O dia estava nublado, mas alguns raios de sol conseguiam chegar até as janelas; tímidos, eles tocavam o rosto de uma elfa que olhava para o leito onde ela e o marido costumavam dormir. Naquela noite, Valenia não fechara os olhos uma vez sequer, ao passo que seu companheiro ressonava de modo quase imperceptível, embebido em um sono profundo que ela conhecia muito bem.

Ainda não me acostumei a isso. Vinte anos, e todas as vezes eu sinto medo de que você não acorde. De que não volte para mim, Myron...

Bobagem. Ele sempre voltava. Sempre. Por que teria de ser diferente agora?

Porque já está diferente, Valenia. E você sabe. Ontem foi noite de Lua cheia. E tem algo pesando no seu peito há dias.

A porta do quarto estava entreaberta, deixando uma fresta pequena por onde os olhos de Lyriel insinuavam-se. Valenia havia expulsado os filhos do quarto poucas horas atrás. "Não façam alarde. Não se preocupem. Agora, saiam daqui, porque eu quero dormir com meu marido sozinha. VÃO!". Lily notou os ombros da mãe arqueados, como se carregassem o peso do mundo. Fazia tempo que eles não ficavam assim.

Mamãe. Valenia. Filha do ex capitão Dufel. O coração de um dragão, tia Elora gostava de dizer. A mãe de Lyriel era uma mulher com muitas histórias para contar, mas agora seus lábios estavam cerrados, e ela não desviava os olhos de seu marido. Lily suspirou. Às vezes seus pais pareciam dois estranhos, envoltos em seus mistérios. Havia muito que eles não diziam. Por exemplo, os cabelos de Valenia jamais cresciam além da altura do pescoço. A elfa afirmava que os cortava regularmente, mas Lyriel sabia que era mentira. Nunca vira a mãe cortar os cabelos em toda a sua vida. Aquelas madeixas curtas tinham algum significado, mas Valenia nunca se dera ao trabalho de dizer qual. Talvez fosse um segredo. Talvez fosse algo que ela e Myron gostavam de guardar só para eles, um detalhe íntimo demais para ser partilhado, mesmo com os filhos.

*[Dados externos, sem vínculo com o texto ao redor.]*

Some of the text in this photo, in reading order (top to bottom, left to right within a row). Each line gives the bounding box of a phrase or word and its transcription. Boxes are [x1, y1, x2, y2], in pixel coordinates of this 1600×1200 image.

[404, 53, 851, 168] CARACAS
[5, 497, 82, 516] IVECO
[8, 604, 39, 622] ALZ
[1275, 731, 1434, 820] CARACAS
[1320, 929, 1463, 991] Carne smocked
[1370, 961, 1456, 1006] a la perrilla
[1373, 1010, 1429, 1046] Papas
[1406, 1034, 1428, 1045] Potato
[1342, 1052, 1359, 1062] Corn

Eles passaram por muita coisa. Às vezes, eu me sinto muito longe dos dois... muito longe...

– Lily – uma voz sussurrou, de repente – Lily, o que está fazendo?

Lyriel conteve o próprio sobressalto e se virou discretamente. A mão de seu irmão pousava sobre seu ombro, e ela o olhou nos olhos. Puxa, El. O que você está fazendo aqui, isso sim. Havia manchas escuras ao redor e embaixo das pálpebras dele, nuvens carregadas cercando um pedaço de céu azul.

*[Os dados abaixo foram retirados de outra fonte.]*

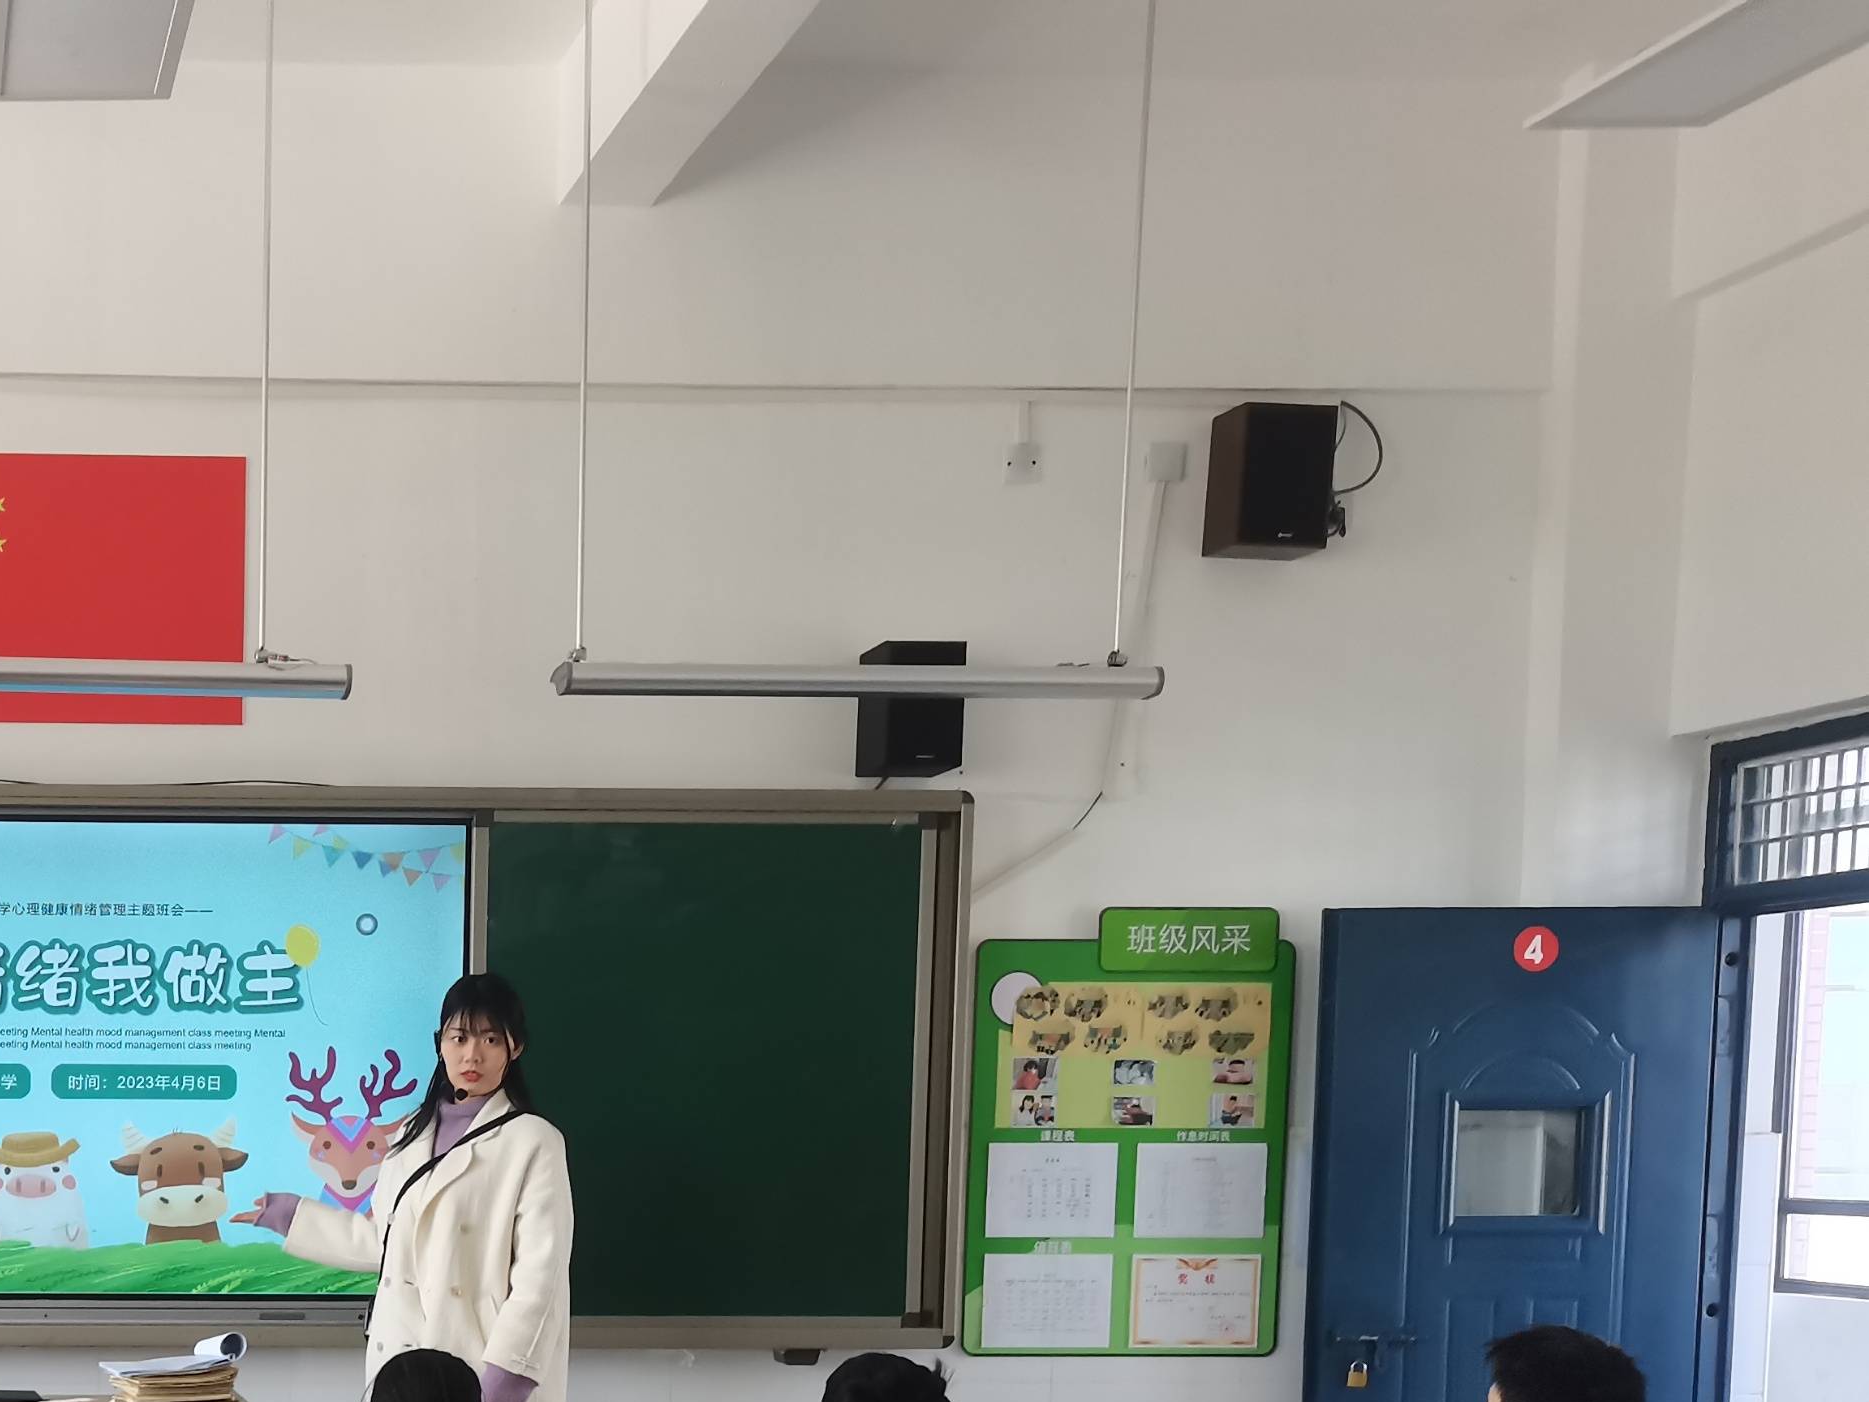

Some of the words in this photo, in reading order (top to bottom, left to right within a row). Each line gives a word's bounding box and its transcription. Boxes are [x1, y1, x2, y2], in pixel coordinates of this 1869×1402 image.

[1126, 923, 1251, 955] 班级风采
[1523, 933, 1544, 965] 4
[30, 1027, 63, 1037] Mental
[65, 1028, 94, 1037] health
[96, 1028, 123, 1037] mood
[125, 1028, 187, 1039] management
[188, 1028, 213, 1038] class
[214, 1028, 252, 1039] meeting
[254, 1028, 286, 1038] Mental
[30, 1040, 63, 1049] Mental
[65, 1040, 94, 1049] health
[96, 1040, 123, 1049] mood
[125, 1041, 187, 1051] management
[188, 1040, 213, 1050] class
[214, 1041, 252, 1052] meeting
[67, 1073, 222, 1092] 时间：2023年4月6日

– El, me deixa em paz. Estou olhando a mamãe.

– Percebi – ele respondeu – Eu sei que está preocupada, Lily, mas nossa mãe precisa ficar sozinha. Ela gosta de estar sozinha todas as primeiras noites em que o pai fica fora.

– Não vejo sentido nisso – Lyriel retrucou, irritada, mas os dois já haviam se afastado da porta – Não gosto de deixar a mamãe sozinha quando ela está triste. E papai não devia estar dormindo, você...

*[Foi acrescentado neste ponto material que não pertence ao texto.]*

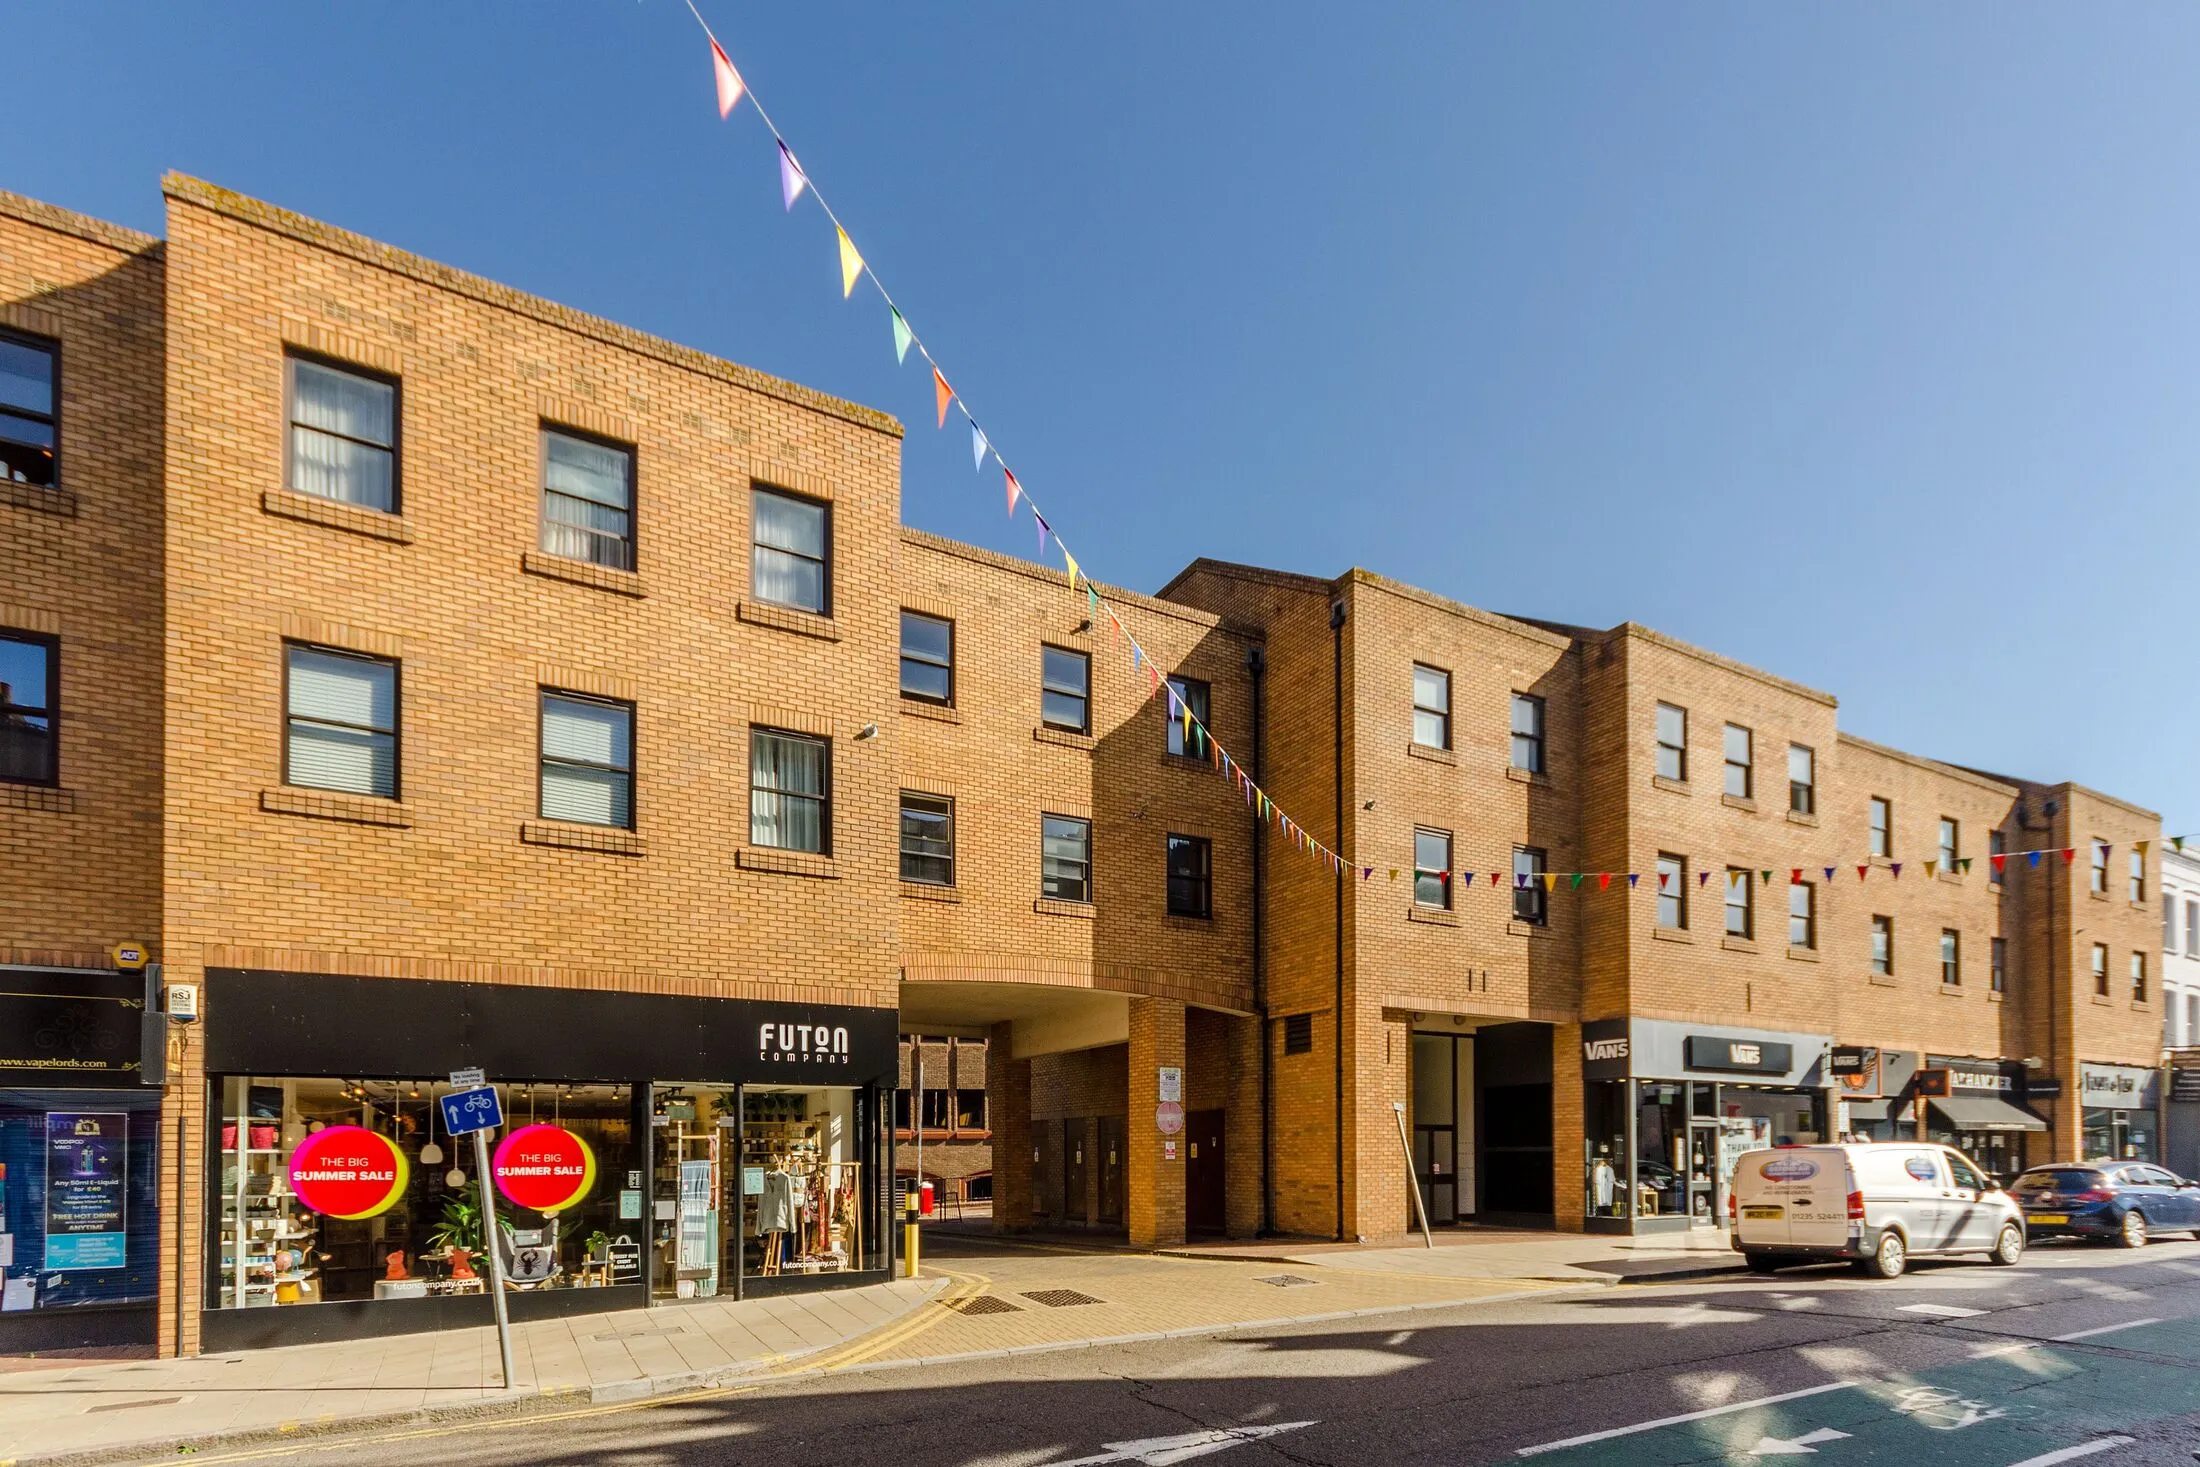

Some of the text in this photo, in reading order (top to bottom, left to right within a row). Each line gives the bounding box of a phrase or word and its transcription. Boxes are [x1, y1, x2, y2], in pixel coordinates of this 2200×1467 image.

[121, 951, 139, 959] ADT
[760, 1023, 848, 1053] FUTON
[1584, 1038, 1629, 1061] VANS
[1729, 1043, 1761, 1065] VANS
[760, 1052, 848, 1064] COMPANY
[1834, 1055, 1860, 1067] VANS
[320, 1157, 369, 1167] THE BIG
[520, 1153, 562, 1163] THE BIG
[293, 1171, 394, 1181] SUMMER SALE
[497, 1166, 583, 1177] SUMMER SALE
[393, 1277, 482, 1291] futoncompany.co.uk

– Eu sei – ele sorriu calmamente – Mas ele está, então vamos agir como sempre agimos quando ele dorme.

Eladar a guiava de volta para a cama. Maldita voz suave. Malditas mãos afáveis. Quando os dois chegaram ao quarto, ela se deitou, mesmo sem querer fazê-lo, e quanto mais ele sorria, mais ela se acalmava. Era uma coisa insana, o dom de seu irmão. Ele fazia as pessoas se sentirem bem. Um toque, uma palavra, um olhar... bastava isso.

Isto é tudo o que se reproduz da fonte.